* Task description
Your response should consist of every line below, reproduced without alteration.

Provided material below:

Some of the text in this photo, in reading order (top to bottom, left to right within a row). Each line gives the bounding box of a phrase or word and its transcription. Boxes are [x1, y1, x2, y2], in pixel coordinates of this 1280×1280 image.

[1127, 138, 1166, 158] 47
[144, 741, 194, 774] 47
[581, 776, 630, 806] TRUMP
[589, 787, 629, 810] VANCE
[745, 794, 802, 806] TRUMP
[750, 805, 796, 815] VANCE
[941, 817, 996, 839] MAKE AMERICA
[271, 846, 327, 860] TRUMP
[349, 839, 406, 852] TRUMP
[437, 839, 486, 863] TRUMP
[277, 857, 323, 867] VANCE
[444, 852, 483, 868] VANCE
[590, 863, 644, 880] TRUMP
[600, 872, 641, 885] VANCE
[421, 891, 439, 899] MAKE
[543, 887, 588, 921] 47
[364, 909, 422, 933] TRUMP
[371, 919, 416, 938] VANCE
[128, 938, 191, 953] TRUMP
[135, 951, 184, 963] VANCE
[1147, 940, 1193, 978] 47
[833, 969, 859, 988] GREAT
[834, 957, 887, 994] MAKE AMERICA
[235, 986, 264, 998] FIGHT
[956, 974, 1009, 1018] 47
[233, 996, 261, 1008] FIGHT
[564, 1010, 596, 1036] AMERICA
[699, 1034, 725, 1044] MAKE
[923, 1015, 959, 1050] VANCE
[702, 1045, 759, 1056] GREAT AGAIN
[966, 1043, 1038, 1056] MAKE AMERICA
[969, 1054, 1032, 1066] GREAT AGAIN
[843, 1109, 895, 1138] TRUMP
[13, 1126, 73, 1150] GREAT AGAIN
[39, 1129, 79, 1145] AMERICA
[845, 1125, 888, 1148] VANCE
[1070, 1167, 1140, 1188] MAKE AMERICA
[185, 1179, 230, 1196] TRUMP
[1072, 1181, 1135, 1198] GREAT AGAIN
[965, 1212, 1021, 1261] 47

End of Provided material.

* Output for this exercise
Some of the text in this photo, in reading order (top to bottom, left to right within a row). Each line gives the bounding box of a phrase or word and its transcription. Boxes are [x1, y1, x2, y2], in pixel coordinates of this 1280×1280 image.

[1127, 138, 1166, 158] 47
[144, 741, 194, 774] 47
[581, 776, 630, 806] TRUMP
[589, 787, 629, 810] VANCE
[745, 794, 802, 806] TRUMP
[750, 805, 796, 815] VANCE
[941, 817, 996, 839] MAKE AMERICA
[271, 846, 327, 860] TRUMP
[349, 839, 406, 852] TRUMP
[437, 839, 486, 863] TRUMP
[277, 857, 323, 867] VANCE
[444, 852, 483, 868] VANCE
[590, 863, 644, 880] TRUMP
[600, 872, 641, 885] VANCE
[421, 891, 439, 899] MAKE
[543, 887, 588, 921] 47
[364, 909, 422, 933] TRUMP
[371, 919, 416, 938] VANCE
[128, 938, 191, 953] TRUMP
[135, 951, 184, 963] VANCE
[1147, 940, 1193, 978] 47
[833, 969, 859, 988] GREAT
[834, 957, 887, 994] MAKE AMERICA
[235, 986, 264, 998] FIGHT
[956, 974, 1009, 1018] 47
[233, 996, 261, 1008] FIGHT
[564, 1010, 596, 1036] AMERICA
[699, 1034, 725, 1044] MAKE
[923, 1015, 959, 1050] VANCE
[702, 1045, 759, 1056] GREAT AGAIN
[966, 1043, 1038, 1056] MAKE AMERICA
[969, 1054, 1032, 1066] GREAT AGAIN
[843, 1109, 895, 1138] TRUMP
[13, 1126, 73, 1150] GREAT AGAIN
[39, 1129, 79, 1145] AMERICA
[845, 1125, 888, 1148] VANCE
[1070, 1167, 1140, 1188] MAKE AMERICA
[185, 1179, 230, 1196] TRUMP
[1072, 1181, 1135, 1198] GREAT AGAIN
[965, 1212, 1021, 1261] 47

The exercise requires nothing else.